Si la dénonciation émane de la totalité des signataires employeurs ou de la totalité de signataires salariés, le présent accord continue de produire effet jusqu'à l'entrée en vigueur du texte qui lui est substitué ou, à défaut, pendant une durée de 1 an à compter de l'expiration d'un préavis de 3 mois.
Si la dénonciation est le fait d'une partie seulement des signataires employeurs ou des signataires salariés, elle ne fait pas obstacle au maintien en vigueur du présent accord entre les autres signataires. Dans ce cas, les dispositions de l'alinéa précédent s'appliquent également à l'auteur de la dénonciation.
Si le présent accord est dénoncé par la totalité des signataires employeurs ou la totalité des signataires salariés, les dispositions suivantes s'appliquent :
– elle entraîne l'obligation pour tous les signataires ou adhérents de se réunir le plus rapidement possible et au plus tard dans un délai de 3 mois suivant la réception de la lettre de dénonciation, en vue de déterminer le calendrier des négociations ;
– durant les négociations, l'accord reste applicable sans aucun changement ;
– si un nouvel accord est signé dans le délai prévu par l'article L. 132-8 du code du travail, les dispositions du nouvel accord se substituent intégralement à l'accord dénoncé.
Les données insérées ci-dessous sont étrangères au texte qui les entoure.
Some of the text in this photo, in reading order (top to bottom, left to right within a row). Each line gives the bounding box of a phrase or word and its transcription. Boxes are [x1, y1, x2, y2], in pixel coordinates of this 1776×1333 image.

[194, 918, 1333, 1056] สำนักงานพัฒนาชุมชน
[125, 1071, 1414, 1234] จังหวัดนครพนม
Passé le délai susvisé, et à défaut d'accord de substitution, le texte de l'accord cesse de produire ses effets sous réserve des avantages acquis à titre individuel et pour autant que la dénonciation émane de la totalité des signataires employeurs ou de la totalité des signataires salariés.
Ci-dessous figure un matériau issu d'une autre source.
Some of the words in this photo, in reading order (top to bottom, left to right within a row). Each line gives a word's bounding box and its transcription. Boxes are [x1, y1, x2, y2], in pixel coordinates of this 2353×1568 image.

Les organisations syndicales de salariés et les organisations professionnelles employeurs se rencontreront conformément aux dispositions de l'article L. 934-2 du code du travail pour procéder à un bilan de l'application de ce dernier et pour négocier, le cas échéant, les adaptations nécessaires.
En vigueur
Glossaire
Afdas : assurance formation des activités du spectacle (organisme paritaire collecteur agréé pour les métiers de la culture, de la communication et des loisirs).
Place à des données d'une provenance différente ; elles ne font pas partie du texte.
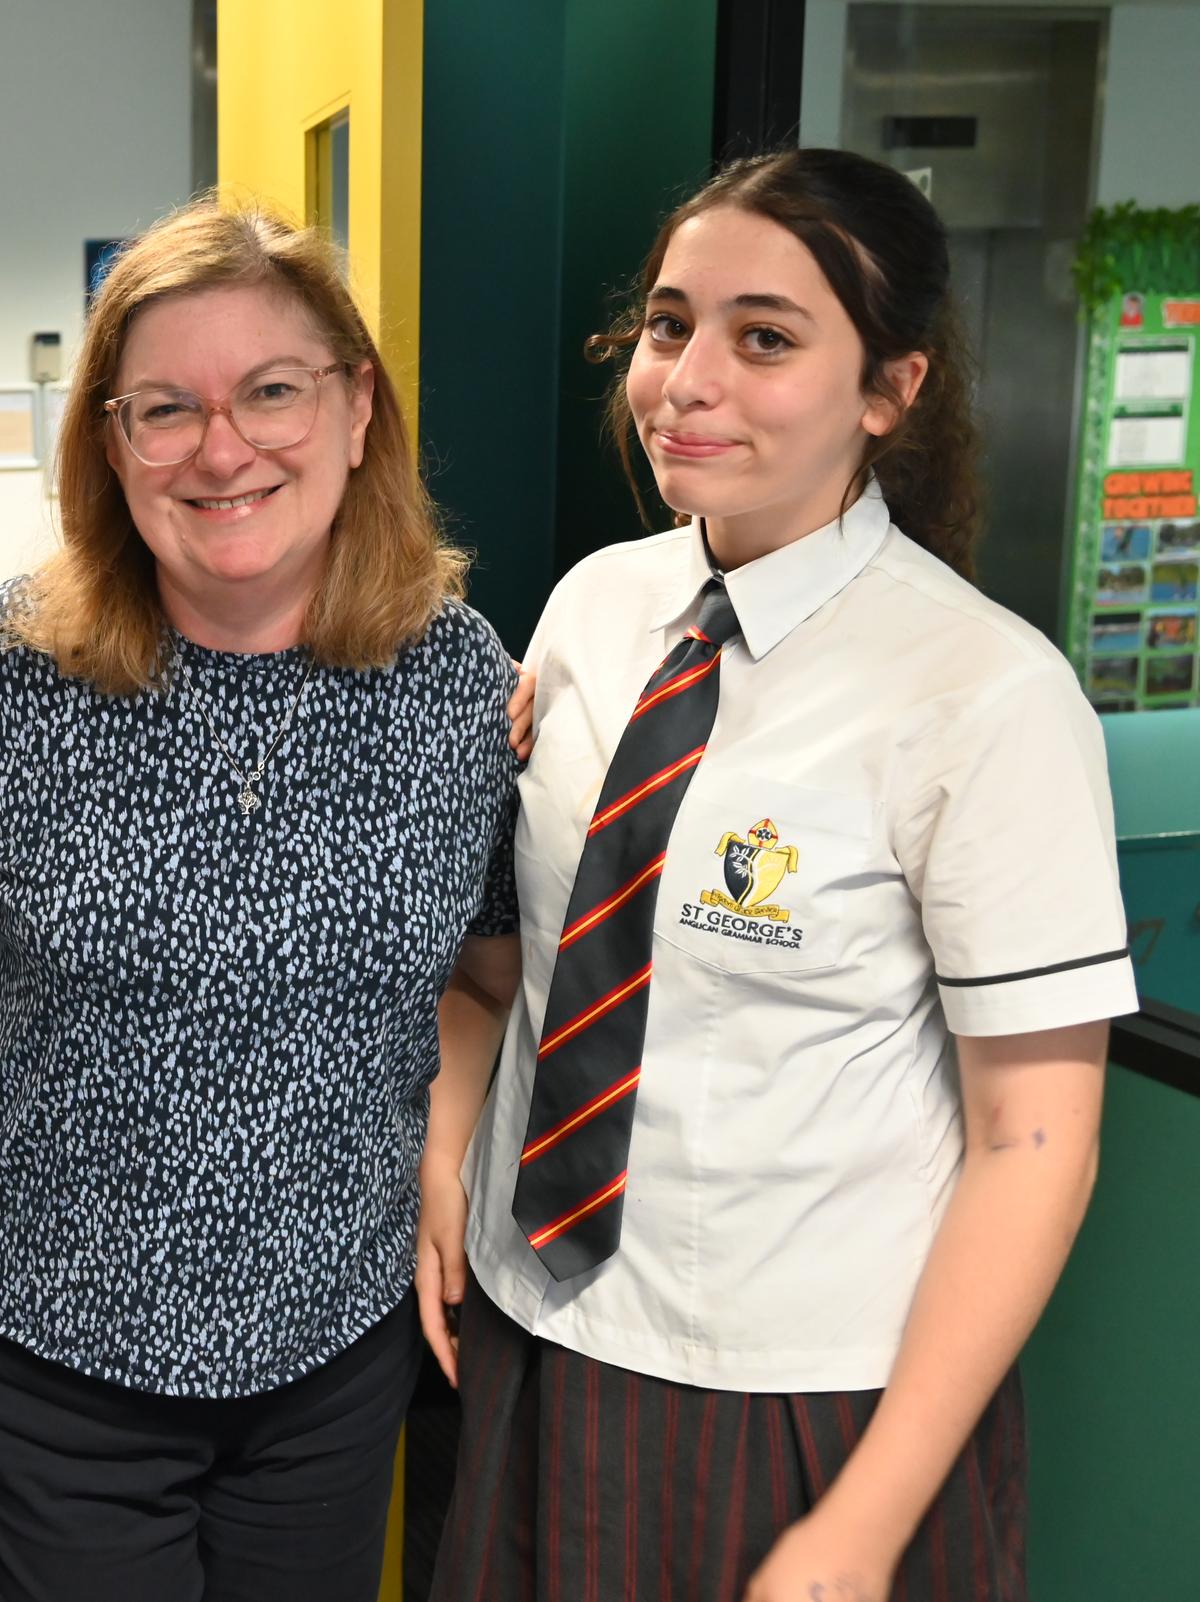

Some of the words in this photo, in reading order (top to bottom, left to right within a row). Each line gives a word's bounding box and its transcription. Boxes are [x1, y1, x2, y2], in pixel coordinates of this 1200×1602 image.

[680, 918, 719, 933] ANGLICAN
[721, 928, 763, 944] GRAMMAR
[765, 938, 800, 949] SCHOOL
[681, 903, 703, 920] ST
[707, 911, 803, 941] GEORGE'S
ANI : accord national interprofessionnel.
Bac : baccalauréat.
Biaf : bordereau individuel d'accès à la formation.
Bts : brevet de technicien supérieur.
Cdi : contrat à durée indéterminée.
Cdd : contrat à durée déterminée.
Ce : comité d'entreprise (terme générique désignant, le cas échéant, le comité d'établissement).
Cif : congé individuel de formation.
Cotorep : commissions techniques d'orientation et de reclassement professionnel.
CnPef/ep : commission nationale paritaire pour l'emploi et la formation dans l'édition phonographique.
Cqp : certificat de qualification professionnelle.
Dif : droit individuel à la formation.
Dp : délégué du personnel.
Dut : diplôme universitaire de technologie.
Fongecif : fonds de gestion du congé individuel de formation.
Irp : institutions représentatives du personnel.
Jo :
Jorf : de la République française.
Naf : nomenclature des activités françaises.
Opacif : organisme paritaire agréé au titre des congés individuels de formation.
Opca : organisme paritaire collecteur agréé.
Rncp : répertoire national des certifications professionnelles.
Smic : salaire minimum interprofessionnel de croissance.
Vae : validation des acquis de l'expérience.